### Exercise aim
At the line that includes "this 1333×1334 image.", begin writing out the entries below exactly, and continue through the last line without adding anything.

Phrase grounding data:
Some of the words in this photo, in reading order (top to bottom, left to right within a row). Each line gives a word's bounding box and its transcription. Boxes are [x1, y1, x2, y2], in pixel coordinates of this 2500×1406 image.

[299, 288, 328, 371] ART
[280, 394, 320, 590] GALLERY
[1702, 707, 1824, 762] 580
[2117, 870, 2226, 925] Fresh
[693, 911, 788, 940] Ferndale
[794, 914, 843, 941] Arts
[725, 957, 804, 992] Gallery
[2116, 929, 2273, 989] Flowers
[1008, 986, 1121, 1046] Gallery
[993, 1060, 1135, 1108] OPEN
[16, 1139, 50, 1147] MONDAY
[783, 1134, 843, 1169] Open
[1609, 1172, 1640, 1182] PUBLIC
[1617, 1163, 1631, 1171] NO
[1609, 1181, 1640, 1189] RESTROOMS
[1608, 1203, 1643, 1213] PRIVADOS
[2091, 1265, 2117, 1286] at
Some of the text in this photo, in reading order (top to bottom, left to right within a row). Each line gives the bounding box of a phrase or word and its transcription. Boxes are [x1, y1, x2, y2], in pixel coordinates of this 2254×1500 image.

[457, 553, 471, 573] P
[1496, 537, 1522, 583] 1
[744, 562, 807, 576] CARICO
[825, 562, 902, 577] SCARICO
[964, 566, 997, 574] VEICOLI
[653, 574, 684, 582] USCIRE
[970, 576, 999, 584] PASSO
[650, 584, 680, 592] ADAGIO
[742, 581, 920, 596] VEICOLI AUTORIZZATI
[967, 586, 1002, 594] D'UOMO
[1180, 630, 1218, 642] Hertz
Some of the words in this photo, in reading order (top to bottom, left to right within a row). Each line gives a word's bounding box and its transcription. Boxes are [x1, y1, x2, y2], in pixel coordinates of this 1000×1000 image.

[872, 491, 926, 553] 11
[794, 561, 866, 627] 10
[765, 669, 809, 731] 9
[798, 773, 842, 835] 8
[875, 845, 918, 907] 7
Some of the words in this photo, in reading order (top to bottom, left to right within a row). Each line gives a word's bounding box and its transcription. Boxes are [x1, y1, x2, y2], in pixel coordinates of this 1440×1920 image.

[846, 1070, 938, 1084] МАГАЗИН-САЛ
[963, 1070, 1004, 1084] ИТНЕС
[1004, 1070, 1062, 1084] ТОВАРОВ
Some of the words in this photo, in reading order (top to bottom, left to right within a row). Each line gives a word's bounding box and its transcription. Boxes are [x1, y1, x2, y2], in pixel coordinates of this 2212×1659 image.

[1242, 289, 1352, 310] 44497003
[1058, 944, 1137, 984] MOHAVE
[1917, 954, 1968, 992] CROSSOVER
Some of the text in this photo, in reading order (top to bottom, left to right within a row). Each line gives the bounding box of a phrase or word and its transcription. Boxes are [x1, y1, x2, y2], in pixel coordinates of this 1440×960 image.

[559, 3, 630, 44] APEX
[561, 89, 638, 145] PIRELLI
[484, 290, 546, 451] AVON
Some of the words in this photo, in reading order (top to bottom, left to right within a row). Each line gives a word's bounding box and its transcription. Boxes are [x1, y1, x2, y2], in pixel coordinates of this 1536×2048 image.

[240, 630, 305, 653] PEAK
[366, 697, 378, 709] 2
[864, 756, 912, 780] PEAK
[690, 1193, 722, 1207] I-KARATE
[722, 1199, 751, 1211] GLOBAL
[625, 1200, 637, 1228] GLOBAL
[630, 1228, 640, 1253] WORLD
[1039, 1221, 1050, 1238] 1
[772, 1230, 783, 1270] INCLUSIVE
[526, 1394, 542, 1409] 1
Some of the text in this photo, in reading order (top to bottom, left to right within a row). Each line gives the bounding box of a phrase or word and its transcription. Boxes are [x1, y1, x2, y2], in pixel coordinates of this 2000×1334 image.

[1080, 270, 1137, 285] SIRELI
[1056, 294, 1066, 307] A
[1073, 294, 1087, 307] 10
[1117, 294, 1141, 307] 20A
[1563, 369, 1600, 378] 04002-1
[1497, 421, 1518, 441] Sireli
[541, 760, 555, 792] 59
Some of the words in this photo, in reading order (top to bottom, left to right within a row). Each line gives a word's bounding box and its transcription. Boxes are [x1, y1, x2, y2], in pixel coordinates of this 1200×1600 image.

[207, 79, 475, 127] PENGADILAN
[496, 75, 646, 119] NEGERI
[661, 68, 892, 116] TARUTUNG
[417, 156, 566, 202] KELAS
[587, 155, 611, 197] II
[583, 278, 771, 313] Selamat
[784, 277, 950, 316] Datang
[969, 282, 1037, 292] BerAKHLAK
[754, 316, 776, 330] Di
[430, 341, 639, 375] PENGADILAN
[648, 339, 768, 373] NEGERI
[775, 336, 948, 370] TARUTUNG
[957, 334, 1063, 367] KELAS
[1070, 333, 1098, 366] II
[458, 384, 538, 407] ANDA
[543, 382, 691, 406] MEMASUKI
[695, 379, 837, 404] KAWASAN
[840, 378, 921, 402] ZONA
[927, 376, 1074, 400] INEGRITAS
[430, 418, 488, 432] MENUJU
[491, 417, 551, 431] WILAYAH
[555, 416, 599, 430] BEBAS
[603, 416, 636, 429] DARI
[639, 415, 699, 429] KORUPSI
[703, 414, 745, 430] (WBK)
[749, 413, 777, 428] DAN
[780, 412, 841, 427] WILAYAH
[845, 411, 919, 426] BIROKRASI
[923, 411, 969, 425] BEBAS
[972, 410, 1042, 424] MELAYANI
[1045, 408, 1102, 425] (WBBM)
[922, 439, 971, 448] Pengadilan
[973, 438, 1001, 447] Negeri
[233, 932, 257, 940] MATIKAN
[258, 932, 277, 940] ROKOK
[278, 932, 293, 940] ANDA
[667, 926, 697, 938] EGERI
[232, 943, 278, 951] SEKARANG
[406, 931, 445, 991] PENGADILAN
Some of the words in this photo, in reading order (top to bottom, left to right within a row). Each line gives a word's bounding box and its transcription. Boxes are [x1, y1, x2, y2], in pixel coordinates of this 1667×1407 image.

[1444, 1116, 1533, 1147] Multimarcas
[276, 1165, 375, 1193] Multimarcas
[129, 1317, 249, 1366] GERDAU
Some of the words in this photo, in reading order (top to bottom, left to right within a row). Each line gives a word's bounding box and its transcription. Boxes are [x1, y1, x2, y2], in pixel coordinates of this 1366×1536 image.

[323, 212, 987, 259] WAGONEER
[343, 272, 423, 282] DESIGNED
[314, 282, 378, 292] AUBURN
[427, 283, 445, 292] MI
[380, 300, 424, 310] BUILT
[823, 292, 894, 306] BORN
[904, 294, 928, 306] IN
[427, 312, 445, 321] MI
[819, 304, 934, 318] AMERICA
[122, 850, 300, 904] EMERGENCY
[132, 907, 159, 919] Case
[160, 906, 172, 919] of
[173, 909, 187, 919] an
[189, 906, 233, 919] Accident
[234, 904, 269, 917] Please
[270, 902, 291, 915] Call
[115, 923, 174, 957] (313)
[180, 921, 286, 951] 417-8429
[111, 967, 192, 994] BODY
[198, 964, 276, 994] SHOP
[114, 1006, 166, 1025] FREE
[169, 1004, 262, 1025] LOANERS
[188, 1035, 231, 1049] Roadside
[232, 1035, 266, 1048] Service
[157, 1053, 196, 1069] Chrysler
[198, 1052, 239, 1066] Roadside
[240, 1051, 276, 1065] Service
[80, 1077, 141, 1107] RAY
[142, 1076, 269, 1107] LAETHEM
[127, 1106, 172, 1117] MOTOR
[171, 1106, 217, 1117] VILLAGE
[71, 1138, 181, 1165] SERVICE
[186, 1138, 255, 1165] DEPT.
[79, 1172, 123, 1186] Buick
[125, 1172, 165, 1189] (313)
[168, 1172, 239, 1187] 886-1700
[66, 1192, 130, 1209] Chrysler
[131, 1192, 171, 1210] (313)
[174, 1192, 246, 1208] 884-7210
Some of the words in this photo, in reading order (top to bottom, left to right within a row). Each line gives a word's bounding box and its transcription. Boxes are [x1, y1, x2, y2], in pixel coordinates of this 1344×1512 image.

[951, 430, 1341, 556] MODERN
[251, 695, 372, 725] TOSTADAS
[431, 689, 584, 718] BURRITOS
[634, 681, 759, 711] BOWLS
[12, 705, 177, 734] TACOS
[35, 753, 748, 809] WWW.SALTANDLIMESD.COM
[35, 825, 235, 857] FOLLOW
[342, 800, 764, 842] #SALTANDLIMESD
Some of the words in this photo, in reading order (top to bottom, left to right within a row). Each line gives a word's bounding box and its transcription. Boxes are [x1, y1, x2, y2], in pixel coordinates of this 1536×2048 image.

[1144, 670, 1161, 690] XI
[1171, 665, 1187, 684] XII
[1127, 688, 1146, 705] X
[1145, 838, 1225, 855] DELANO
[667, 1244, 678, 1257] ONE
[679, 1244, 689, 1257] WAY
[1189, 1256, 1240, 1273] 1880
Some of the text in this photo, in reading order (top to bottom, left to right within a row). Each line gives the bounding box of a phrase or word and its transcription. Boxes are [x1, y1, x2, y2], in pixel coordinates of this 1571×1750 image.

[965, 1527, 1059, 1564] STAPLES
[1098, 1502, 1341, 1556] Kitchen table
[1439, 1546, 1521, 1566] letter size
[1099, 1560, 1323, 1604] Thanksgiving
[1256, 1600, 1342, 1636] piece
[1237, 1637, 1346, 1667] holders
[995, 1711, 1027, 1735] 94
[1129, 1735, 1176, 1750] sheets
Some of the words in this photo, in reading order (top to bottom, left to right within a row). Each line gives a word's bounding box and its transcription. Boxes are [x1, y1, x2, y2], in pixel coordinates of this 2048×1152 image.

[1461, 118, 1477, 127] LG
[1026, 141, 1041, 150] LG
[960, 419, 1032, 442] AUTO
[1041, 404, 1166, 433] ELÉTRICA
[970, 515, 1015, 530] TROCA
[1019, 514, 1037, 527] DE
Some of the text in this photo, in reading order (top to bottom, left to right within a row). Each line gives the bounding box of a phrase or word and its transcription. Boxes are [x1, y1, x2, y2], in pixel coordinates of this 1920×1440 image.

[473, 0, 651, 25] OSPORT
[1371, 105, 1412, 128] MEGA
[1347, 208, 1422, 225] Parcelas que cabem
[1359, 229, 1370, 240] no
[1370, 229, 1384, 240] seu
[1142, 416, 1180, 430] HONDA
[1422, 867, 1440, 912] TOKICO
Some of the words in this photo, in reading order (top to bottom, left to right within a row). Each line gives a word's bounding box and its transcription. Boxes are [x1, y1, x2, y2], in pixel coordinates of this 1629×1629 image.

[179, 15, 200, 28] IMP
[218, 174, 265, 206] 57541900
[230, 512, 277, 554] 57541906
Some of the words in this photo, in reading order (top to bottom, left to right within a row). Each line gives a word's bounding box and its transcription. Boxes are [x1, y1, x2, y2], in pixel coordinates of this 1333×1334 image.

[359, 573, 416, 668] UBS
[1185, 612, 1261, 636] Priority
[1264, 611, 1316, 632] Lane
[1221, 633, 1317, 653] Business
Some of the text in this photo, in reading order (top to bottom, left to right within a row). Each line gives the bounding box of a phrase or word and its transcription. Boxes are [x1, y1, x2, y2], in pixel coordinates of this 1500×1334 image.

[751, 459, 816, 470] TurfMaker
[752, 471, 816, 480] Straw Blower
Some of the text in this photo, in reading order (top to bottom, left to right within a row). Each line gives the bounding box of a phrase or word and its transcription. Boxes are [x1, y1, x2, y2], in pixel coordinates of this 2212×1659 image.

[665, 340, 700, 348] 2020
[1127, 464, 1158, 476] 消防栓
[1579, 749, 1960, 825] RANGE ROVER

### Task solution
Some of the words in this photo, in reading order (top to bottom, left to right within a row). Each line gives a word's bounding box and its transcription. Boxes are [x1, y1, x2, y2], in pixel coordinates of this 1333×1334 image.

[359, 573, 416, 668] UBS
[1185, 612, 1261, 636] Priority
[1264, 611, 1316, 632] Lane
[1221, 633, 1317, 653] Business
Some of the text in this photo, in reading order (top to bottom, left to right within a row). Each line gives the bounding box of a phrase or word and its transcription. Boxes are [x1, y1, x2, y2], in pixel coordinates of this 1500×1334 image.

[751, 459, 816, 470] TurfMaker
[752, 471, 816, 480] Straw Blower
Some of the text in this photo, in reading order (top to bottom, left to right within a row). Each line gives the bounding box of a phrase or word and its transcription. Boxes are [x1, y1, x2, y2], in pixel coordinates of this 2212×1659 image.

[665, 340, 700, 348] 2020
[1127, 464, 1158, 476] 消防栓
[1579, 749, 1960, 825] RANGE ROVER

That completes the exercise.